With three weeks to go before Florida’s Aug. 23 primary and ballots already in some voters’ mailboxes, the top two Democratic contenders for governor are in the frenetic stages of the campaign trail — making their final pitch to voters in between fundraisers and meals on the road.
Only one, between U.S. Rep. Charlie Crist and Commissioner of Agriculture Nikki Fried, will go on to face Gov. Ron DeSantis. Both made the case for why it should be them during back-to-back televised interviews Wednesday.
Hosted by a panel of journalists from the Tampa Bay Times, the Orlando Sentinel, Spectrum Bay News 9 and Spectrum News 13, the interviews were filmed separately in St. Petersburg earlier in the day but aired Wednesday evening. Crist’s special aired first at 7 p.m. after he won a coin toss.
The special was not a debate, but both candidates were asked nearly identical questions about affordability, abortion, education, leadership and more, allowing for easy comparison of their answers.

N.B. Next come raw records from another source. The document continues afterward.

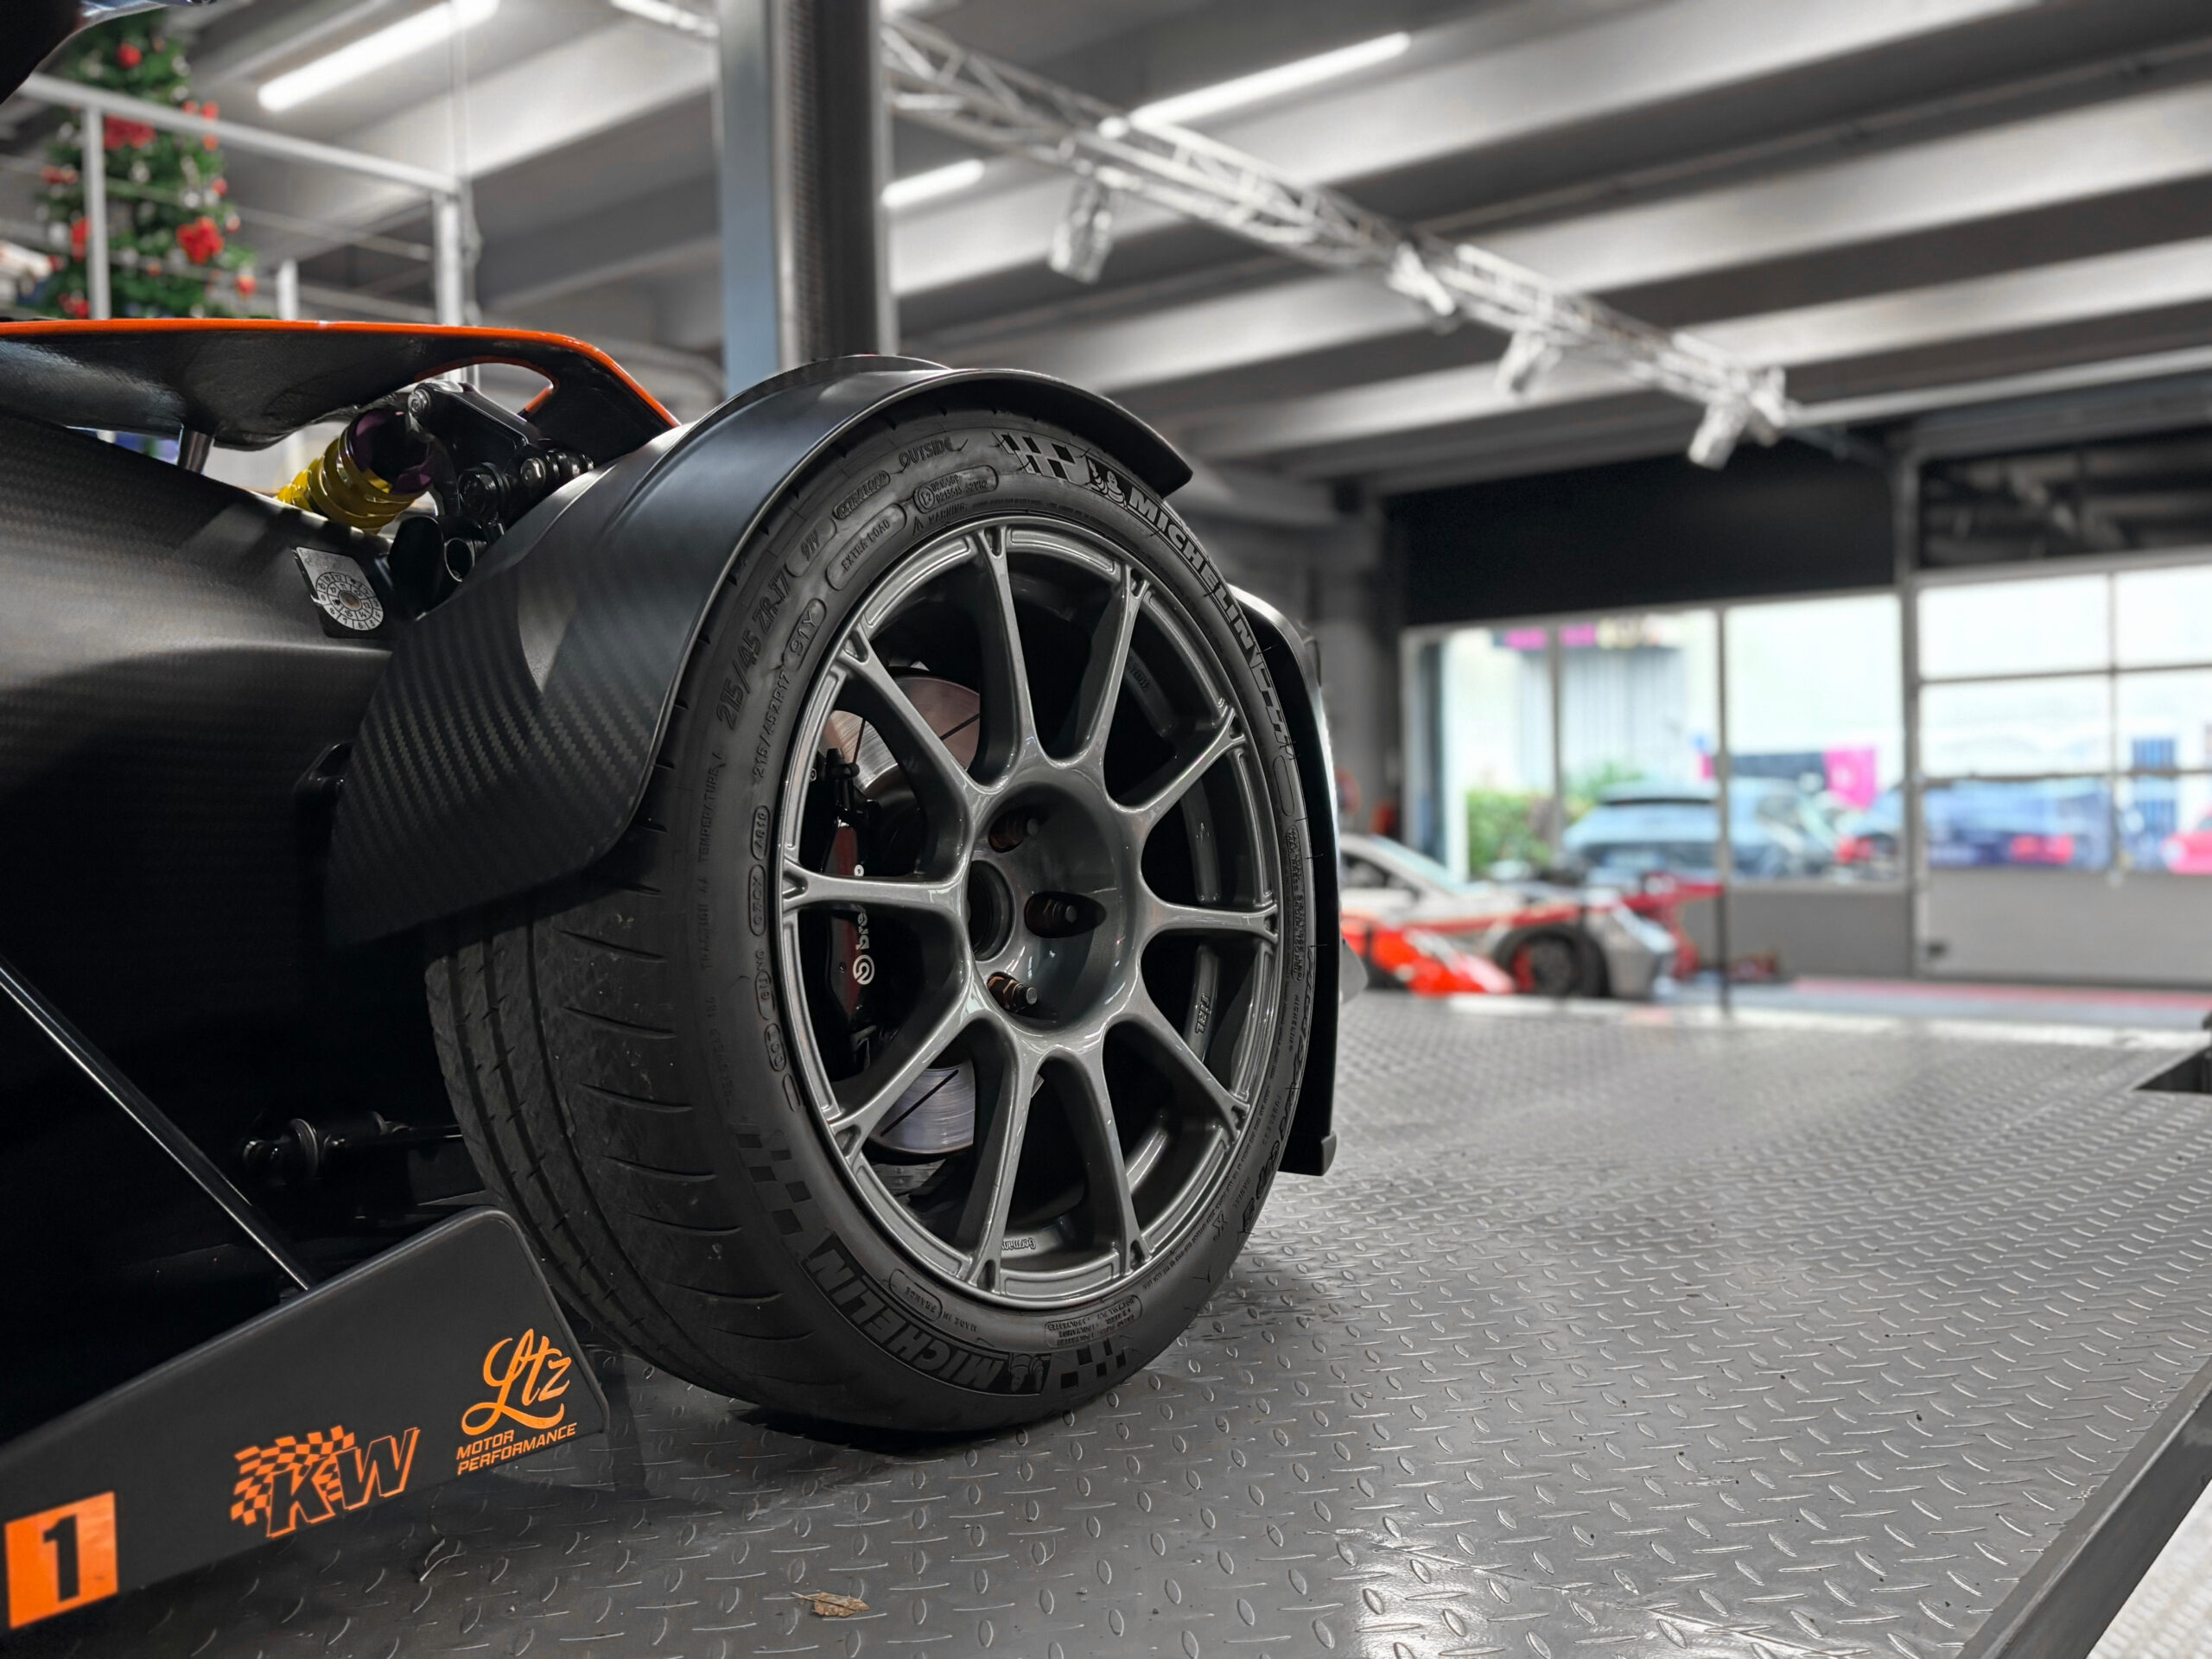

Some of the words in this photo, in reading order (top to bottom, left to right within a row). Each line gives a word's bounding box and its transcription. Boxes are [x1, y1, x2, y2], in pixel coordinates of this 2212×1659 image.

[841, 539, 868, 573] EXTRA
[868, 518, 891, 542] LOAD
[1128, 485, 1254, 650] MICHELIN
[790, 606, 817, 657] 91Y
[716, 629, 762, 731] 215/45
[1002, 1237, 1037, 1250] German
[806, 1249, 1003, 1389] MICHELIN
[461, 1328, 570, 1436] Ltz
[265, 1427, 420, 1539] KW
[456, 1429, 516, 1462] MOTOR
[456, 1422, 578, 1476] PERFORMANCE
[43, 1514, 81, 1603] 1

Crist, who previously served as governor of Florida as a Republican and has been a fixture of Florida politics, has been considered the front-runner in the primary race, with more built-in name recognition and campaign cash. But Fried’s campaign has insisted she can’t be counted out, and she joined Crist on the TV airwaves by launching an ad earlier this week.
Crist had only agreed to one live, televised debate against Fried, which was held in Miami earlier in July. During that debate, both candidates took shots at each other — Fried attacking Crist for his record on abortion, and Crist attacking Fried for her prior donations to Republican Attorney General Ashley Moody.

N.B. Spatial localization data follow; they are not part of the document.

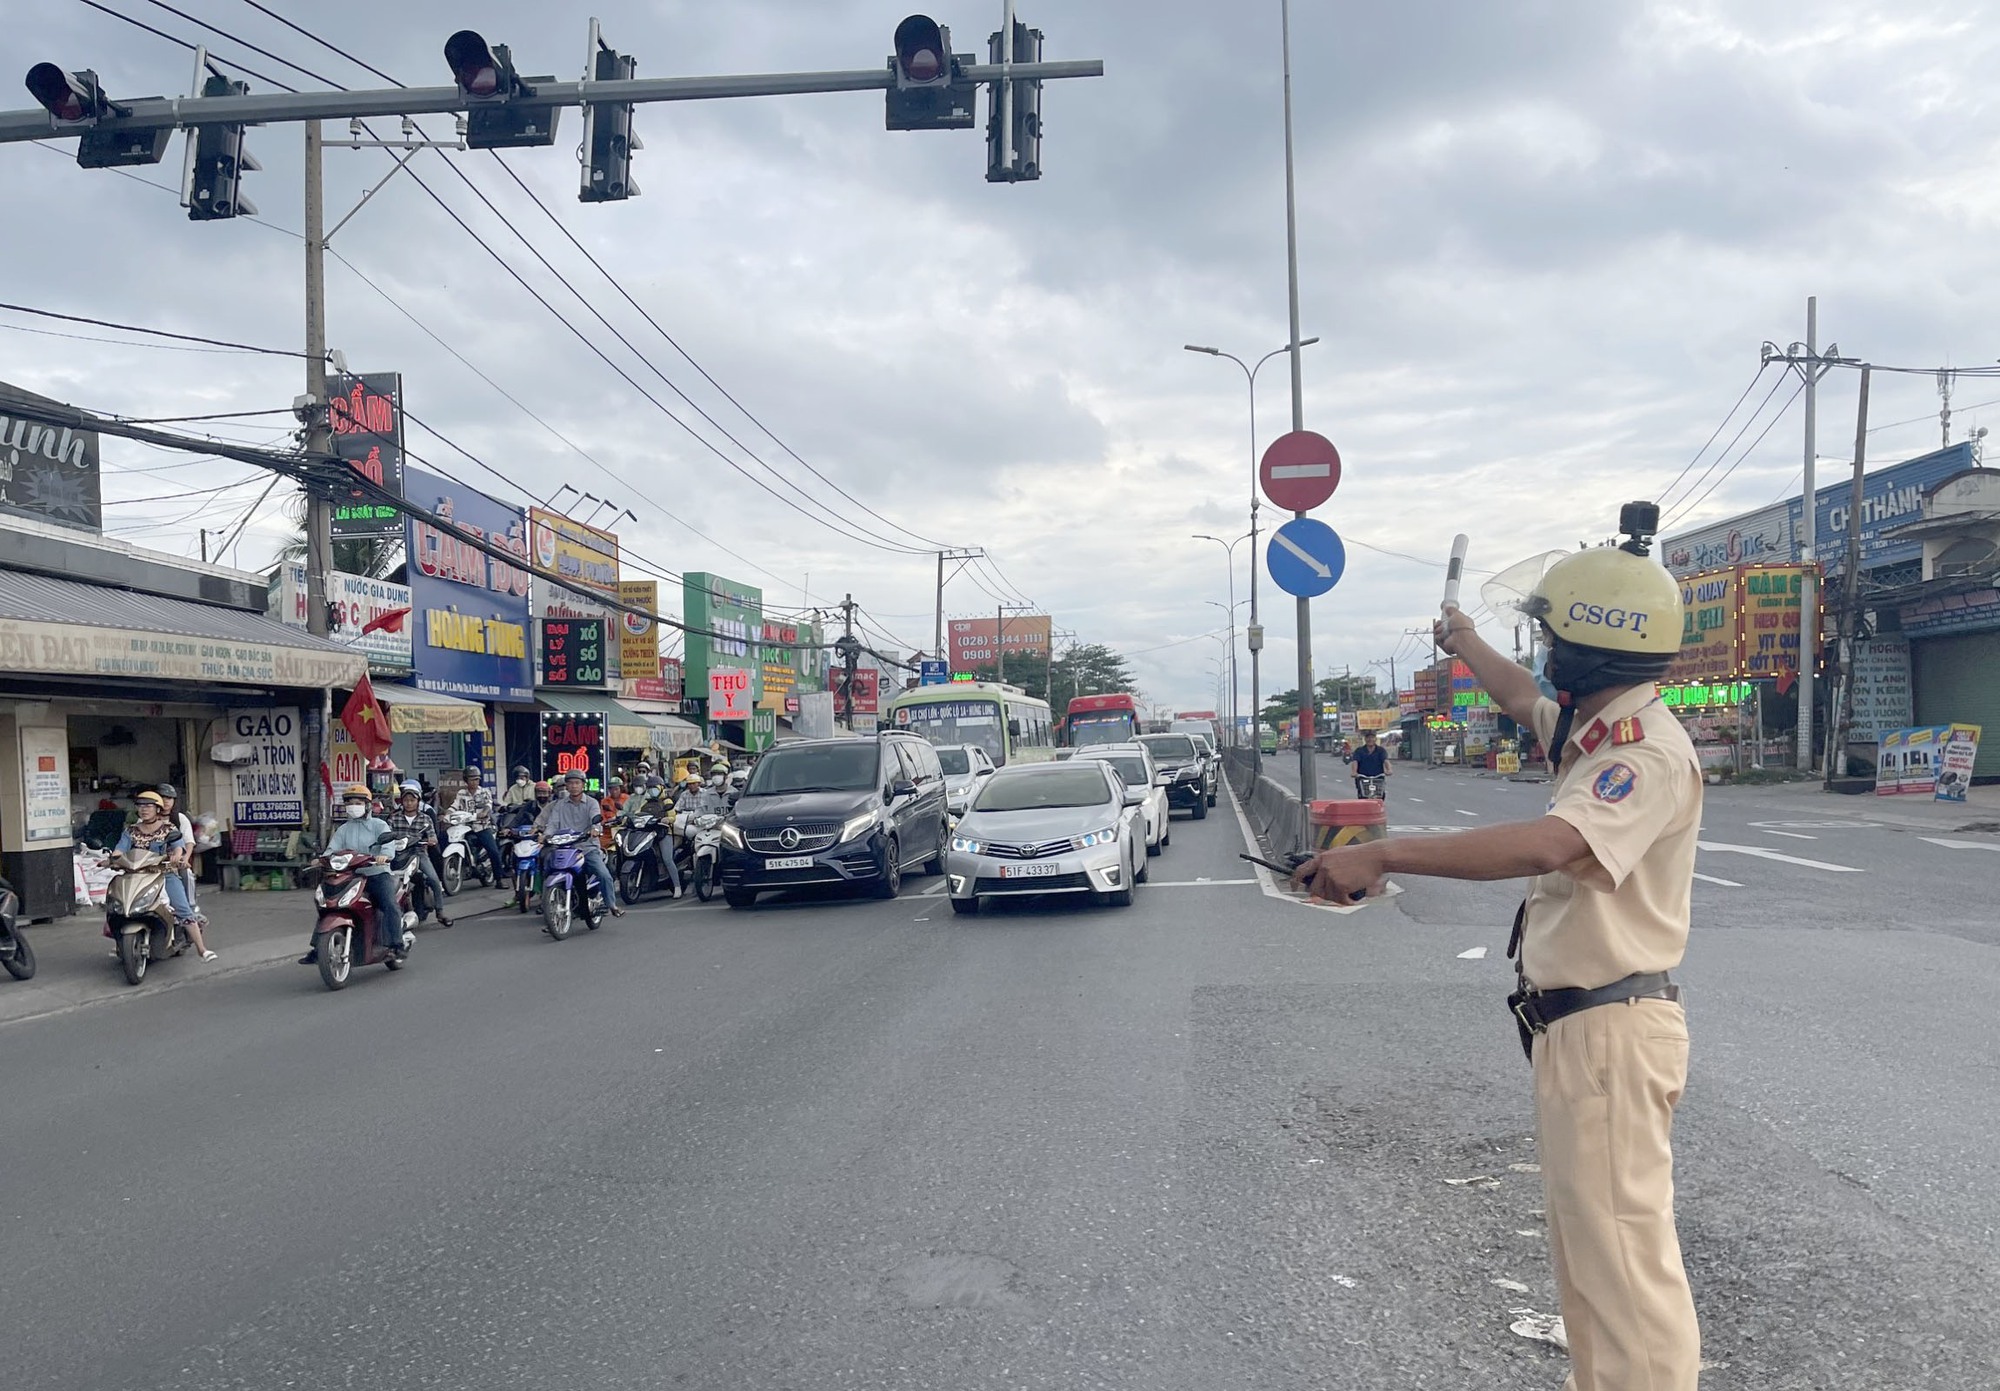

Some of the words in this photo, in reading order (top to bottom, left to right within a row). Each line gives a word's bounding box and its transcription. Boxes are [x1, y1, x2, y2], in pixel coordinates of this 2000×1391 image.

[344, 577, 369, 596] NƯỚC
[370, 584, 385, 600] GIA
[1696, 579, 1728, 603] QUAY
[1747, 571, 1788, 595] NĂM
[1568, 601, 1648, 633] CSGT
[1753, 612, 1779, 629] HEO
[426, 604, 484, 653] HOÀNG
[485, 613, 525, 658] TÙNG
[958, 635, 989, 648] (028)
[1024, 633, 1042, 643] 1111
[580, 644, 597, 662] SỐ
[963, 649, 991, 660] 0908
[576, 664, 601, 682] CÀO
[711, 669, 747, 691] THÚ
[724, 691, 736, 708] Y
[1683, 685, 1709, 706] QUAY
[898, 709, 908, 724] 9
[235, 714, 292, 743] GẠO
[264, 740, 295, 766] TRÒN

Unlike the July debate, both candidates largely focused on DeSantis while mostly avoiding attacks on each other.
What Crist said
Instead of running from his experience as a Republican governor, Crist embraced it. When asked why voters should support Crist despite him previously saying he was pro-life and appointing a Florida Supreme Court justice in favor of abortion restrictions, Crist said “nobody in this race has done more to protect a woman’s right to choose.”
He pointed out a 1995 bill that would have required a 24-hour waiting period, which he voted against as a Republican state legislator, his veto of a bill as governor that would have required ultrasounds prior to abortions, and his 100% rating from Planned Parenthood as a representative in Congress.
“As your governor, as a Republican, a reasonable Republican I should add, I vetoed a bill that was anti-abortion,” he said.
He also referred back to his work as governor on property insurance, when he called a special session to cut property rates. He criticized the special session called by DeSantis, saying it only made it harder for the consumer.
“They’re in the pockets of the insurance companies, our state,” he said.
When it comes to affordability, Crist said his plan would be to replenish the state’s housing trust fund and tackle gas prices by suspending the gas sales tax, in tandem with the federal government. He also said Florida could diversify its economy by drawing in the technology and film industry, as well as supporting the state’s environment.
If a Democrat is elected Florida governor, they would likely be facing a strong Republican Legislature. Pulling out his veto pen, Crist spoke about the power of developing relationships and the “carrot and the stick” in getting things done.
“You don’t always have to use (the veto pen) in order to be effective,” he said. “It’s very helpful to negotiate.”
He went over a hypothetical where a legislator had a project they care about and wanted to see it intact in the final budget. Crist said, in that case, he would negotiate with issues that he also wants to see passed, offering nonviolent felon voter restoration as an example.
What Fried said
Fried’s sit-down offered a closer look at her policy ideas.
When asked about the affordability crisis in Florida and the cost of housing, Fried said the state attorneys and attorney general should go after predatory landlords who are price gouging. She also mentioned the property insurance market and trying to keep homeowners out of Citizens Property Insurance, the government nonprofit. “We always know that Citizens is supposed to be the insurer of last resort, not the only resort.”
On the question of diversifying Florida’s economy, Fried mentioned expanding the film industry, manufacturing and legalizing cannabis, projecting the latter could bring billions into the state. Fried, a former marijuana industry lobbyist, said legalizing cannabis would bring in taxable revenue, create jobs, lower the cost on the criminal justice system and lower costs in health care by providing options outside of pharmaceutical drugs.
Fried said as governor she would create an agency dedicated to equality, including issues with the LGBTQ community, saying it was personal for her because her stepbrother came out to her decades ago.
“This community knows I am their greatest straight ally that they could ever have in a government position,” she said.
Fried also touted her record on abortion, a point she’s used throughout the campaign to juxtapose herself to Crist. She dismissed Crist’s endorsements from various abortion rights groups as “politics” and said she’s the only candidate who has been pro-choice her whole life. She said she’s met with a legal team to work on a constitutional amendment protecting the state’s right to privacy and that amendment’s coverage of abortion.
“We can’t wait for the Supreme Court to come back and say we don’t have that right to privacy,” she said.